Opinion
NOT TO BE PUBLISHED
APPEAL from a judgment of the Superior Court of Los Angeles County, Ronald S. Coen, Judge. Los Angeles County Super. Ct. No. PA052097
Robert M. Sweet, under appointment by the Court of Appeal, for Defendant and Appellant.
No appearance for Plaintiff and Respondent.
EPSTEIN, P. J.
Alvaro Gutierrez appeals from an order revoking probation. His appointed counsel on appeal has filed a brief in which he finds no arguable issue to raise on appeal and asks that we undertake a review of the entire record for any such issue. He informed appellant of his action. The court also informed appellant of his right to submit a brief or letter raising any ground of appellate contention. We have received no response from appellant.
The brief by appellant’s appointed counsel, and our duty to independently review the record, arise from People v. Wende (1979) 25 Cal.3d 436, 442. We have undertaken the review, as required by Wende, and further discussed in People v. Kelly (2007) 40 Cal.4th 106.
Appellant was originally charged in five counts: two for shooting from a motor vehicle in violation of Penal Code section 12034, subdivision (c) (all further statutory citations are to that code), and two for assault with a firearm (§ 245, subd. (a)(2)). Of these four counts, two were for crimes against one victim and two for crimes against another. A fifth count charged appellant with felony assault and battery, under section 242. In a negotiated disposition, appellant entered a plea of no contest to count three, one of the section 245 charges, and the other counts were dismissed. He was sentenced to the mid-term of three years in state prison, execution of which was suspended during appellant’s period of probation. The terms of probation included 180 days in county jail (less service and conduct credits) and various other conditions, including requirements that he pay restitution fines, cooperate with the probation officer in a plan for appropriate counseling, and obey all rules and regulations of the probation department.
Based on a report from the probation department, appellant was ordered to appear for a probation revocation hearing. Upon his failure to do so, probation was revoked and a bench warrant issued for his arrest. He eventually appeared, and a formal hearing was held at which the court heard testimony from the probation department and from appellant.
The deputy in charge of appellant’s case, Talibah Coffe, testified to the facts supporting revocation. She testified that appellant had a problem with the requirement that he report to her once a month. She gave him several opportunities to reschedule appointments; sometimes he did, and sometimes he did not. On three separate occasions she asked him to bring proof of enrolling in counseling; he never did so. When appellant did appear, Ms. Coffe spoke to him about counseling. With respect to his financial obligations, he stopped making payments after the first payment.
Ms. Coffe recounted the specific dates on which appellant failed to show up for an appointment. She also reported that her records showed that he was arrested during probation for petty theft, in violation of section 484, subdivision (a), and, for that incident, received a 12-month term of summary probation for trespass, a violation of section 602.
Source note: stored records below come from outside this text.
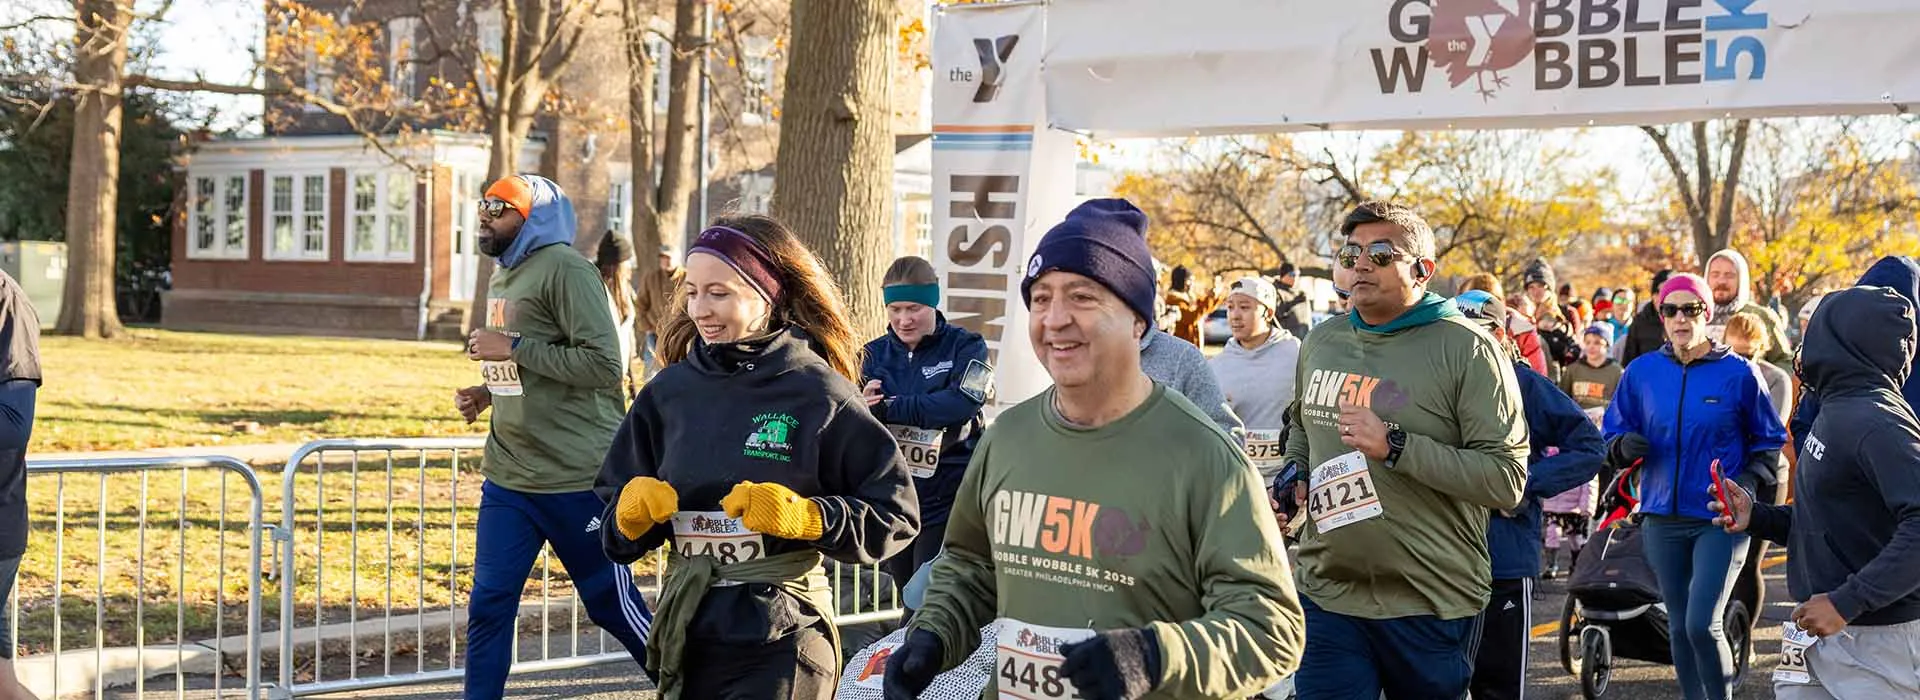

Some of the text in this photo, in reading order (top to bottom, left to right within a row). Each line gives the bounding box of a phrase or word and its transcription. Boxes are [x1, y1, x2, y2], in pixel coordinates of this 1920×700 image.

[1388, 0, 1701, 42] GBBLE
[1704, 0, 1768, 81] 5K
[1370, 34, 1701, 95] WBBLE
[1447, 39, 1467, 51] the
[949, 34, 1019, 103] the Y
[946, 174, 1020, 400] NISH
[482, 364, 518, 382] 4310
[1305, 368, 1379, 408] GW5K
[752, 412, 800, 429] WALLACE
[1304, 408, 1329, 418] GOBBLE
[1245, 444, 1281, 457] 375
[1311, 477, 1374, 515] 4121
[994, 489, 1100, 561] GW5K
[994, 551, 1028, 565] GOBBLE
[1032, 556, 1082, 574] WOBBLE
[1104, 570, 1135, 586] 2025
[1004, 566, 1115, 593] GREATER PHILADELPHIA YMCA
[1001, 656, 1070, 698] 448
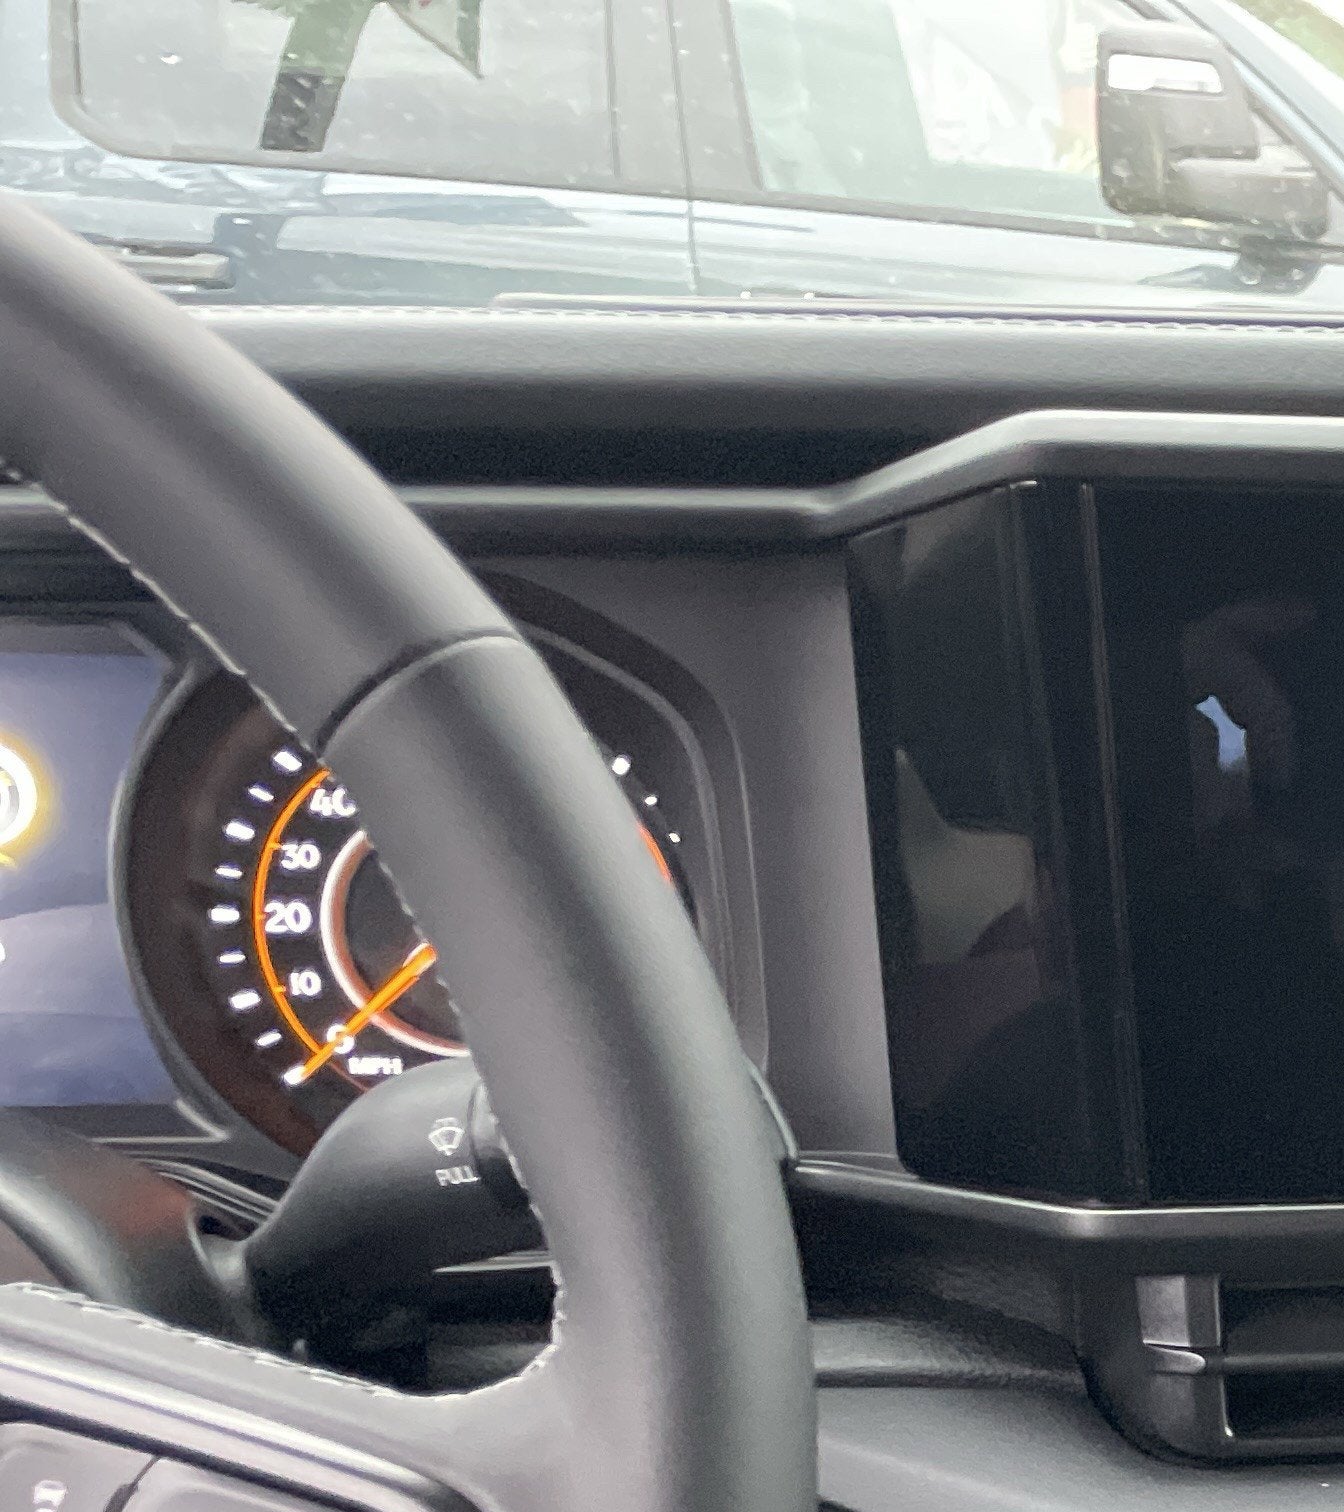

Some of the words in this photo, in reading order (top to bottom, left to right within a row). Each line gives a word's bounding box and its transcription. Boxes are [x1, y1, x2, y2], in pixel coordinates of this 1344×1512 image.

[280, 842, 322, 871] 30
[264, 900, 313, 934] 20
[288, 969, 322, 997] 10
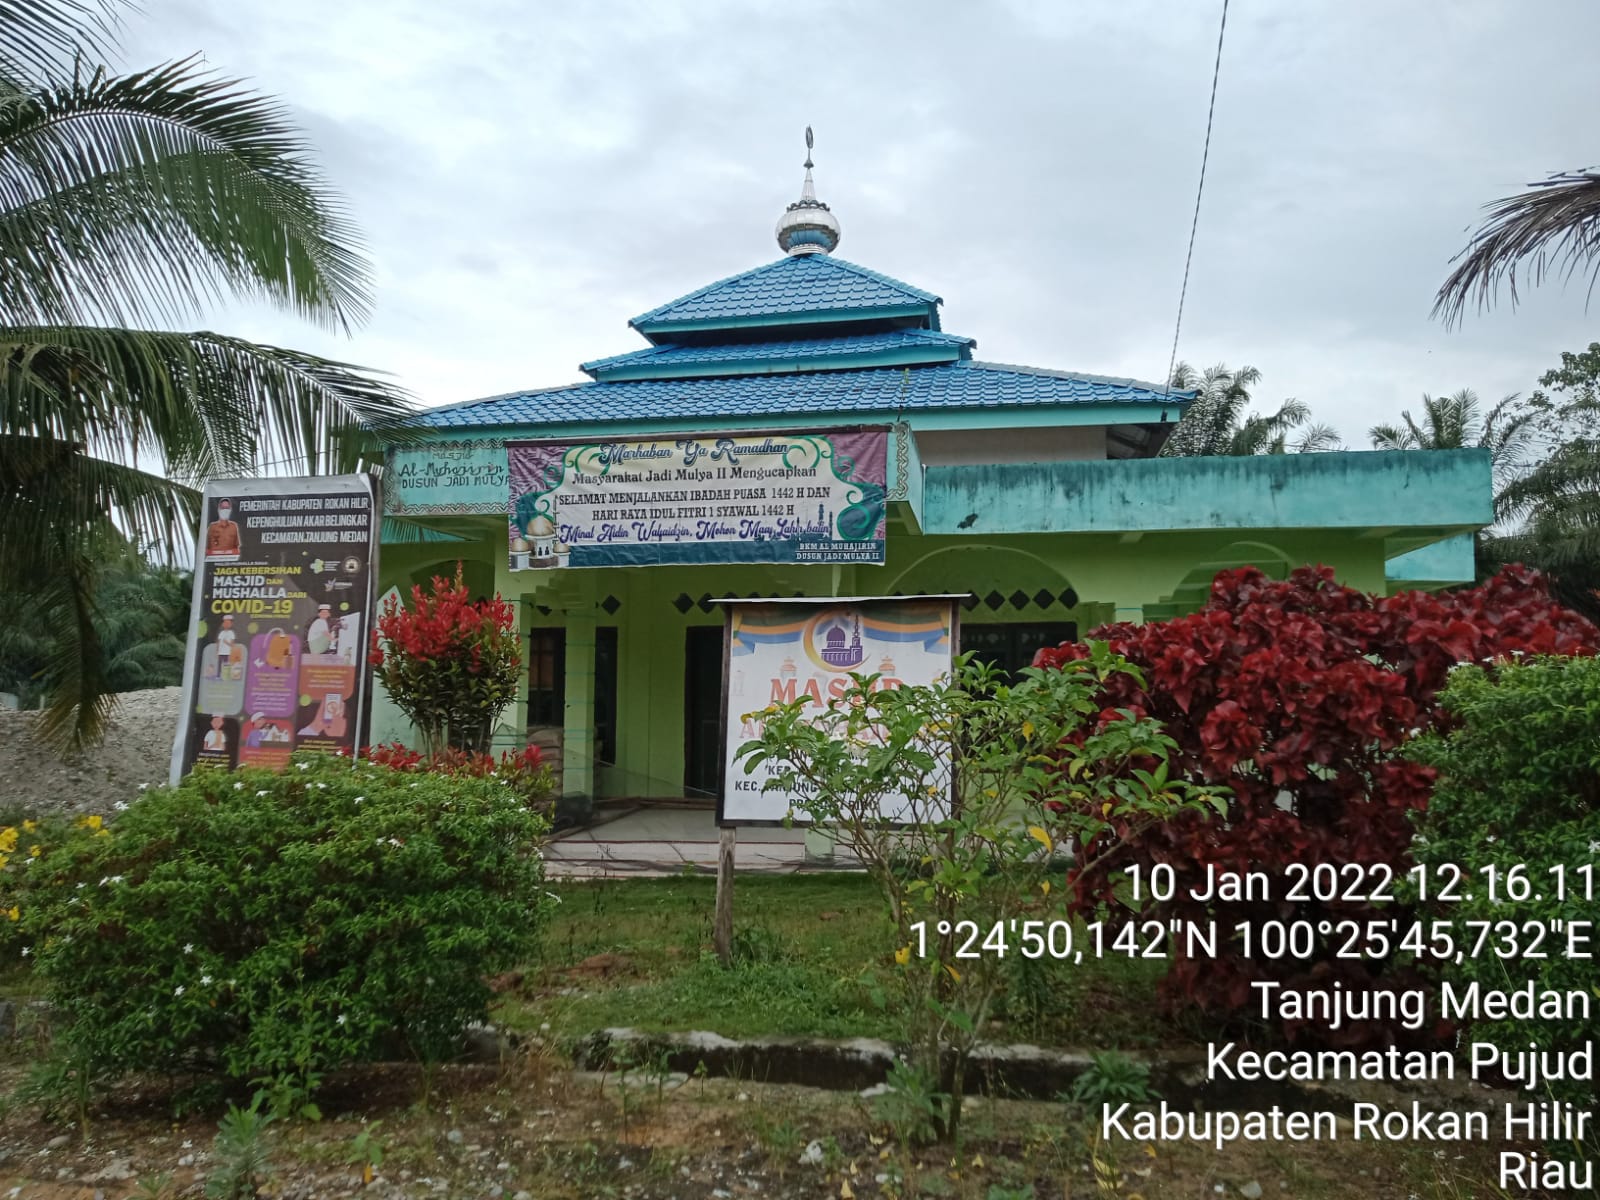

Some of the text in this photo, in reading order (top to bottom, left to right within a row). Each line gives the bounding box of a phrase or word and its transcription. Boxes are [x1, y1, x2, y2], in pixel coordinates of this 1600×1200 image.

[599, 438, 789, 466] Marhaban Ya Ramadhan
[402, 477, 438, 489] DUSUN
[444, 476, 470, 487] JADI
[572, 465, 817, 486] Masyarakat Jadi Mulya II Mengucapkan
[559, 486, 831, 506] SELAMAT MENJALANKAN IBADAH PUASA 1442 H DAN
[239, 497, 369, 512] PEMERINTAH KABUPATEN ROKAN HILIR
[592, 504, 795, 521] HARI RAYA IDUL FITRI 1 SYAWAL 1442 H
[303, 515, 325, 528] AKAR
[325, 514, 368, 527] BELINGKAR
[261, 531, 368, 544] KECAMATAN TANJUNG MEDAN
[559, 524, 594, 544] Minal
[596, 523, 629, 543] Aidin
[695, 519, 736, 540] Mohon
[796, 552, 823, 561] DUSUN
[823, 552, 842, 561] JADI
[843, 552, 871, 560] MULYA
[213, 566, 302, 576] JAGA KEBERSIHAN
[213, 575, 265, 587] MASJID
[212, 587, 287, 599] MUSHALLA
[211, 599, 293, 614] COVID-19
[735, 780, 761, 792] KEC.
In his testimony, appellant admitted missing appointments with the probation officer. He explained that most of the time he was taking the bus, and sometimes he did not make the appointment because his mother took the bus and was on dialysis. He said he was looking for a job but had difficulty finding employment because of his felony conviction, and that when he was employed he was paid “under the table.” When he missed an appointment with the probation officer, “like on the wrong date or late” he would call, and sometimes the officer would call him. He said he was attempting to comply with the conditions of probation, “but I had too [many] things going on.”
The trial court heard argument from counsel on each side, then pronounced its judgment. It noted that appellant had been on probation at the time of the original sentence, and that in the present case he received a suspended sentence to state prison, and knew the seriousness of probation. Nevertheless, he apparently made no effort to call the probation officer and reschedule appointments, and came in only when the probation officer called. He also made no effort to pay the fines or seek a waiver or financial evaluator conference. The court concluded that defendant was not suitable for reinstitution of probation.
The court ordered that the suspended sentence be executed and that defendant be committed to state prison for the three-year term, less appropriate credits.
We find no arguable basis to modify or overturn this judgment.
DISPOSITION
The orders revoking probation and executing the previously suspended sentence are affirmed.
We concur: WILLHITE, J., SUZUKAWA, J.